A front page Washington Post article touted the 1.1 percent jump in retail sales reported for February. The piece said that the jump came in spite of the increase in the price of gas. This is only partly true, since more than a third of the increase in spending was due to increased spending on gas.
In the short term, higher gas prices are likely to be associated with increased spending, since people find it difficult to reduce their gas purchases. Over a longer period of time, they are likely to change their driving habits to save money.
More importantly, the February retail sales data follows three months in which the Commerce Department consumption expenditures data showed no real gain in spending. While the February retail sales detail indicate that the January data on consumption expenditures may be revised upward, when placed against the prior three months, the February gain does not look particularly impressive.
As the piece notes, it is also important to remember that this was an unusually mild February. The fact that the weather was relatively warm and there were few major snowstorms across the Northeast/Midwest meant that people were more likely to go shopping, go out for dinner and do house repairs that would typically be the case in February. This clearly gave some boost to retail sales for the month.

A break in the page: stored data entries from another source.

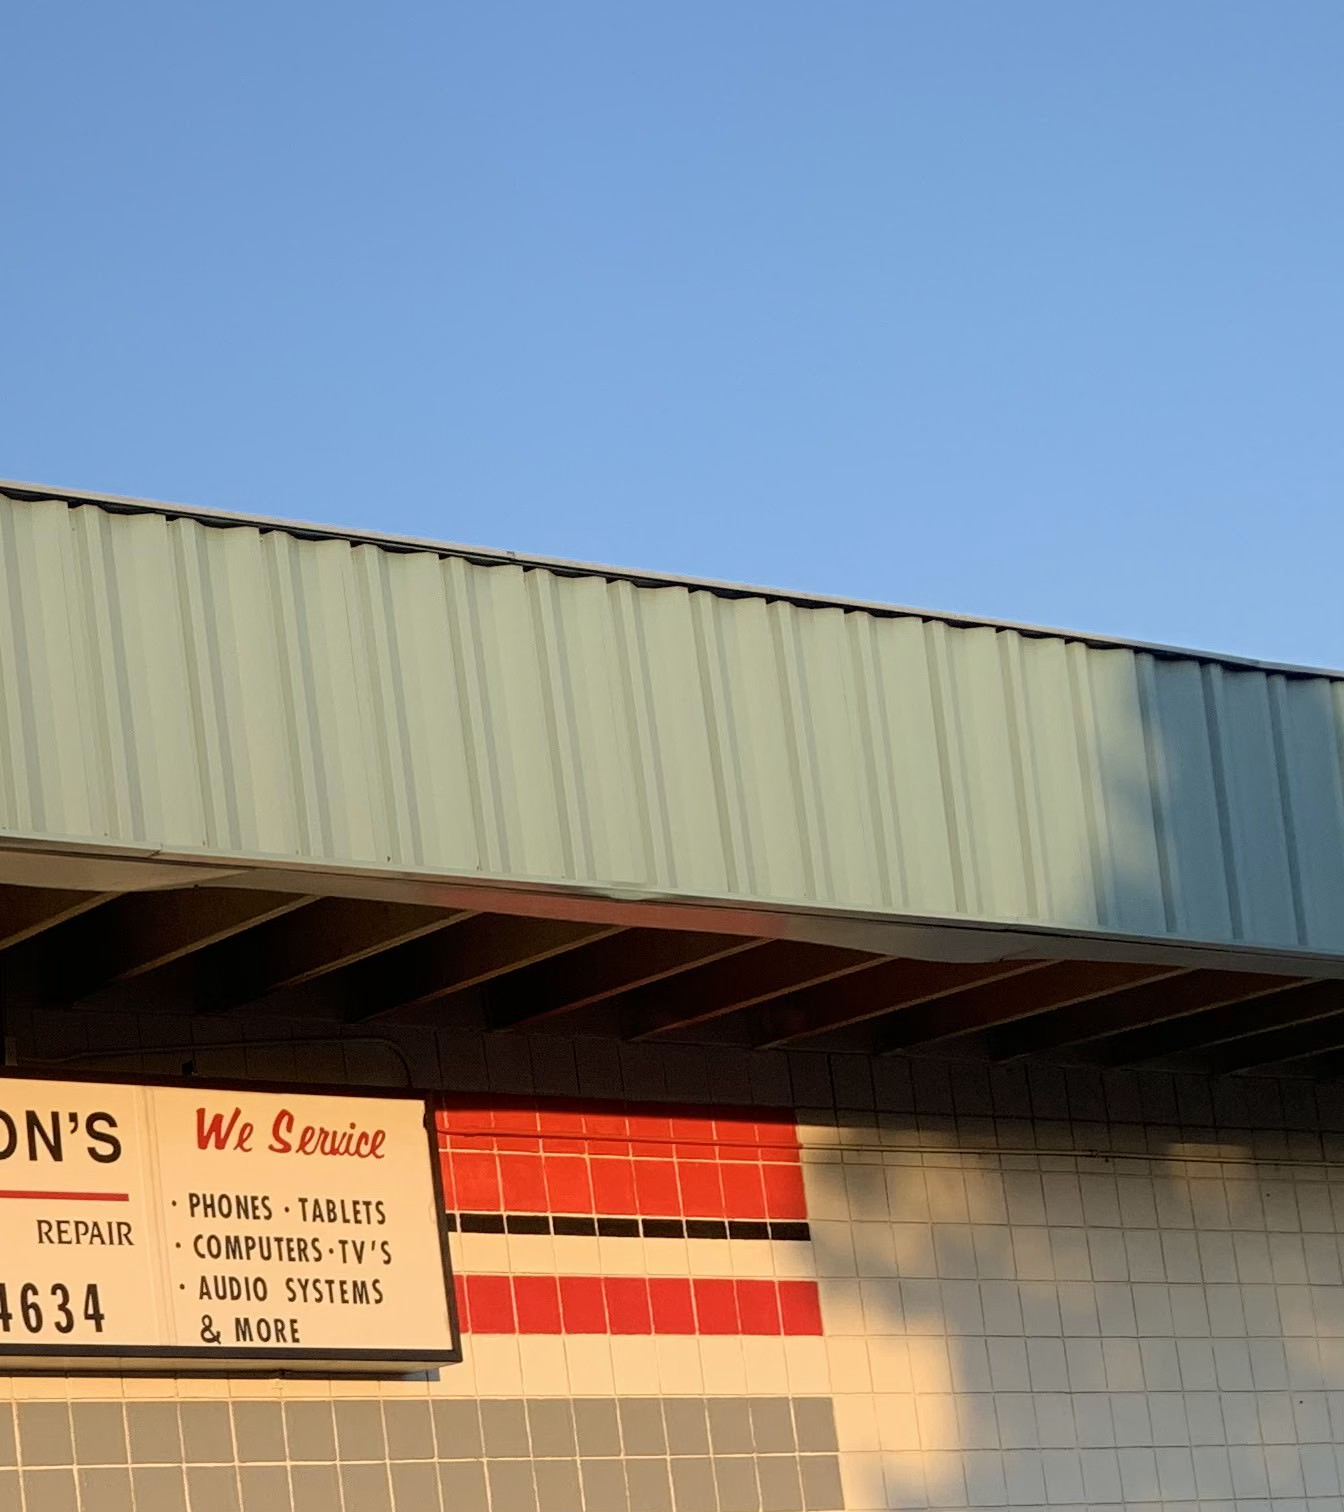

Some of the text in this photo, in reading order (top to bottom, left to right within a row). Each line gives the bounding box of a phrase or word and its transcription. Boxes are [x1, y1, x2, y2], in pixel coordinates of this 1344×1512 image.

[195, 1106, 387, 1159] We Service
[188, 1192, 386, 1225] PHONES TABLETS
[36, 1218, 136, 1248] REPAIR
[193, 1234, 393, 1265] COMPUTERS TV'S
[199, 1275, 384, 1305] AUDIO SYSTEMS
[200, 1314, 301, 1344] & MORE

This piece also seriously understates the role of consumption thus far in the recovery when it tells readers:
Experts have been waiting for consumers to open their wallets because they are the backbone of the economy, accounting for roughly two-thirds of gross domestic product.

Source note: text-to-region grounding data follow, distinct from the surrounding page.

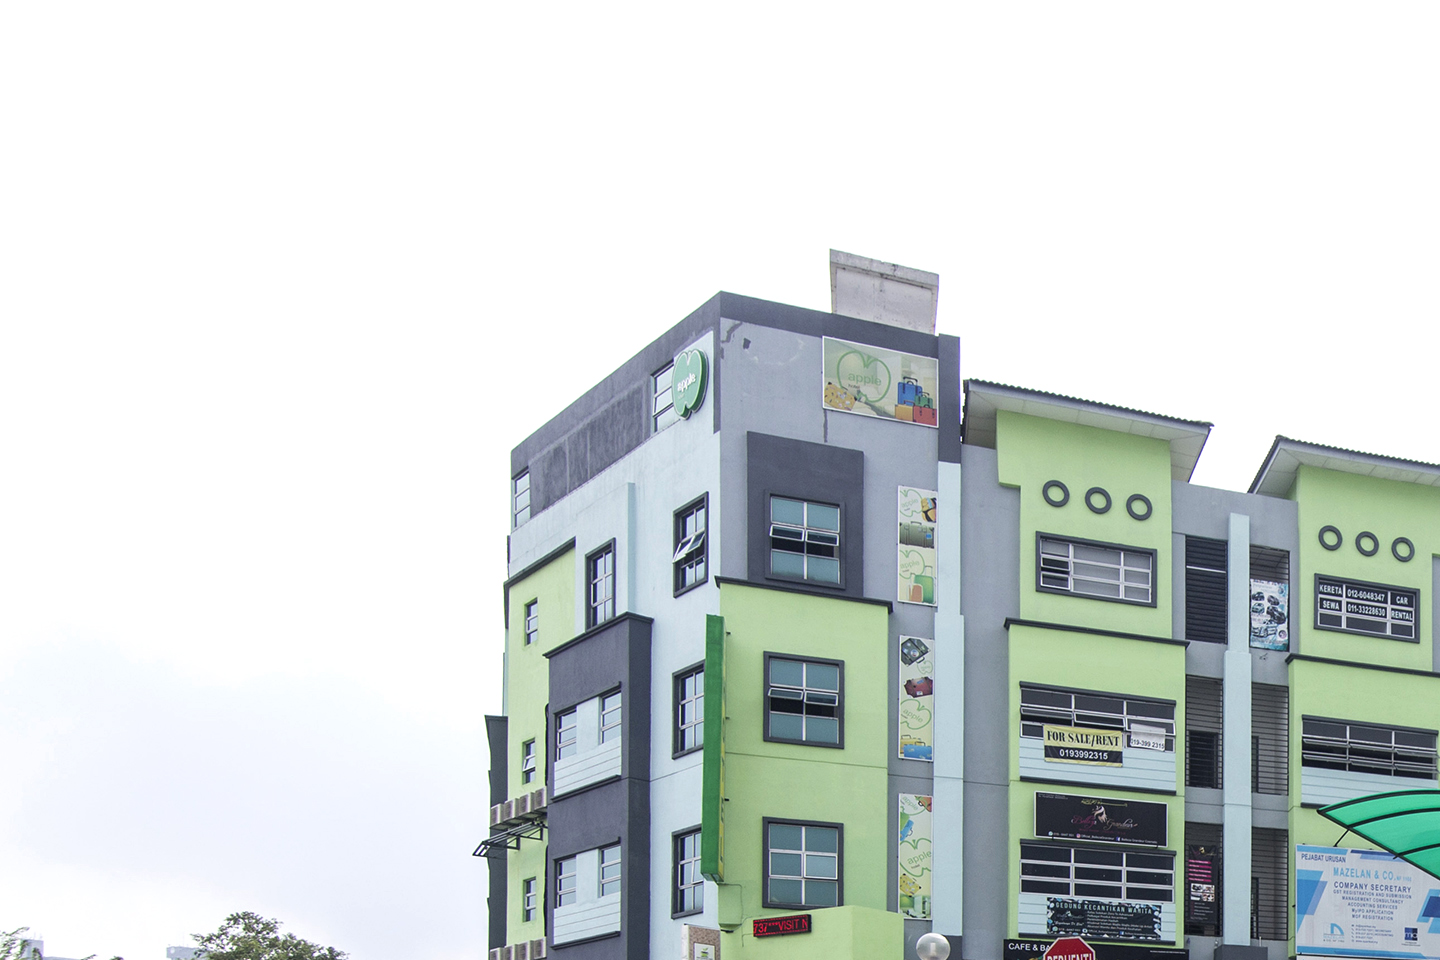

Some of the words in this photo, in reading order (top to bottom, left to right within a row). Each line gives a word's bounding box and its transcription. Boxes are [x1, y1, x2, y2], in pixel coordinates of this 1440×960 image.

[847, 372, 883, 387] apple
[1319, 584, 1343, 595] KERETA
[1395, 595, 1409, 605] CAR
[1322, 600, 1340, 610] SEWA
[1391, 610, 1413, 621] RENTAL
[1047, 730, 1066, 743] FOR
[1067, 732, 1120, 748] SALE/RENT
[1059, 748, 1109, 761] 0193992315
[907, 850, 932, 865] apple
[1301, 853, 1324, 861] PEJABAT
[1325, 855, 1347, 863] URUSAN
[1333, 867, 1371, 879] MAZELAN
[1374, 870, 1380, 880] &
[1333, 881, 1368, 891] COMPANY
[1371, 884, 1412, 893] SECRETARY
[1055, 902, 1082, 910] GEDUNG
[1084, 904, 1125, 913] KECANTIKAN
[1127, 907, 1153, 915] WANITA
[1008, 943, 1031, 951] CAFE

Actually experts know that consumption has been surprisingly strong thus far in the recovery. The savings rate has been under 5.0 percent for the last three quarters. Historically the savings rate had averaged more than 8.0 percent. It fell sharply in the last two decades as the wealth created by the stock and housing bubbles led people to spend a much larger share of their income.
With this wealth largely eliminated by the collapse of these bubbles it would be reasonable to expect the saving rate to return to its historic level or possibly even to rise above it, as the huge baby boom cohorts approach retirement with almost no assets. The fact that the savings rate has remained well below its historic average tells experts that consumers are spending at a surprisingly strong rate which may not be sustained indefinitely.